6th Chief Justice of Madras High Court
- In office November 1914 – 1921
- Appointed by: George V
- Preceded by: C. A. White
- Succeeded by: Walter Schwabe

Judge of Madras High Court
- In office 1907 – November 1914 Acting CJ : July 1914 - November 1914
- Appointed by: Edward VII

Advocate-General of Madras
- In office 1900–1906
- Preceded by: C. A. White; V. B. Aiyangar (acting);
- Succeeded by: C. Sankaran Nair

Personal details
- Born: 3 November 1861 Marylebone, London, England
- Died: 8 June 1946 (aged 84) Brighton, Sussex
- Occupation: lawyer, judge
- Profession: Advocate-General, Chief Justice

= J. E. P. Wallis =

British lawyer and judge (1861–1946)

Sir John Edward Power Wallis (3 November 1861 – 8 June 1946) was a British lawyer who served as the Advocate-General of the Madras Presidency from 1900 to 1906, and Chief Justice of the Madras High Court from 1914 to 1921.

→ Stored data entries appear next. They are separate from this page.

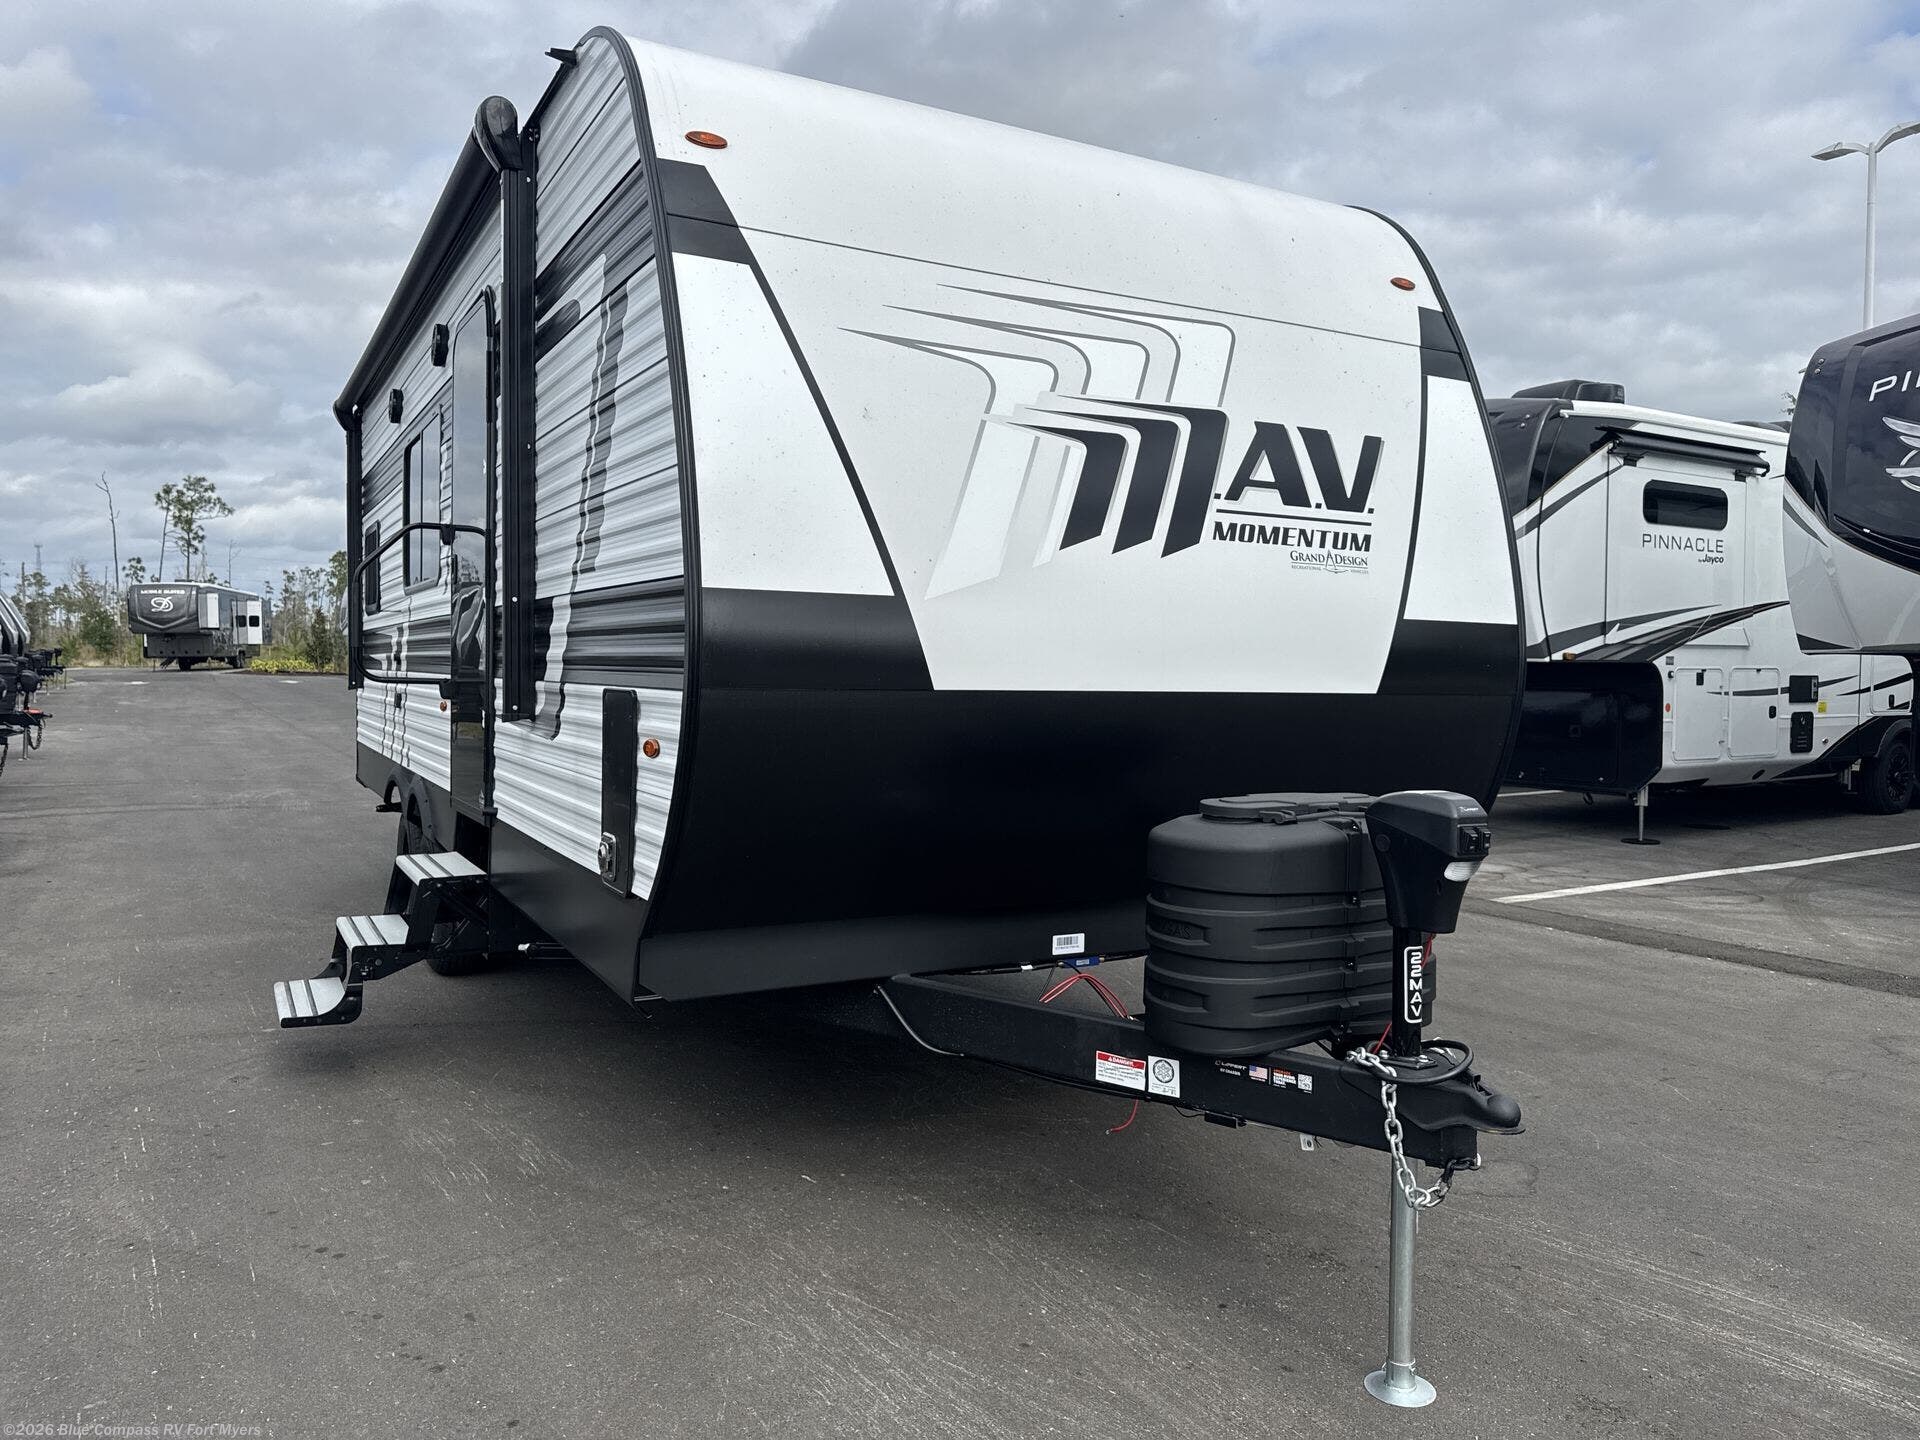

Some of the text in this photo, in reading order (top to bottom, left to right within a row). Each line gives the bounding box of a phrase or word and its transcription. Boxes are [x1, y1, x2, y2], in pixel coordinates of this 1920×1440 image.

[1868, 369, 1920, 402] PI
[1212, 521, 1372, 552] MOMENTUM
[1642, 533, 1724, 554] PINNACLE
[1290, 550, 1368, 566] GRAND DESIGN
[1702, 554, 1724, 565] Jayco
[1409, 951, 1423, 1017] 22MAV

== Early life and education ==

Wallis was born in 1861, son of John Edward Wallis, of Alexandria, Egypt, formerly of London and the Inner Temple, Judge in the Mixed Tribunals (International Court of Justice), Cairo and sometime editor and proprietor of the Catholic weekly The Tablet. He was educated at Ushaw College, Durham, and the University of London (M.A.), and was called to the bar in 1886 from the Middle Temple.

He served for some time as a reader in Madras before being appointed the Advocate-General of the Madras Presidency in January 1900, succeeding C. A. White.

== Legal career ==

Wallis served as the Advocate-General of the Madras Presidency from 1900 to 1906. He was also nominated to the Madras Legislative Council and served as an ex-officio member from 1904 to 1906. In 1907, Wallis was appointed judge of the Madras High Court and officiated as Chief Justice from July to October 1914. In November 1914, his appointment as Chief Justice of the High Court was confirmed, and he served as such until 1921. On 19 August 1926, he was appointed to the Judicial Committee of the Privy Council.

He was a Fellow of All Souls, Oxford and Vice-Chancellor of Madras University in 1908. In 1903, he married Dorothea Margaret, daughter of William Richardson Fowke.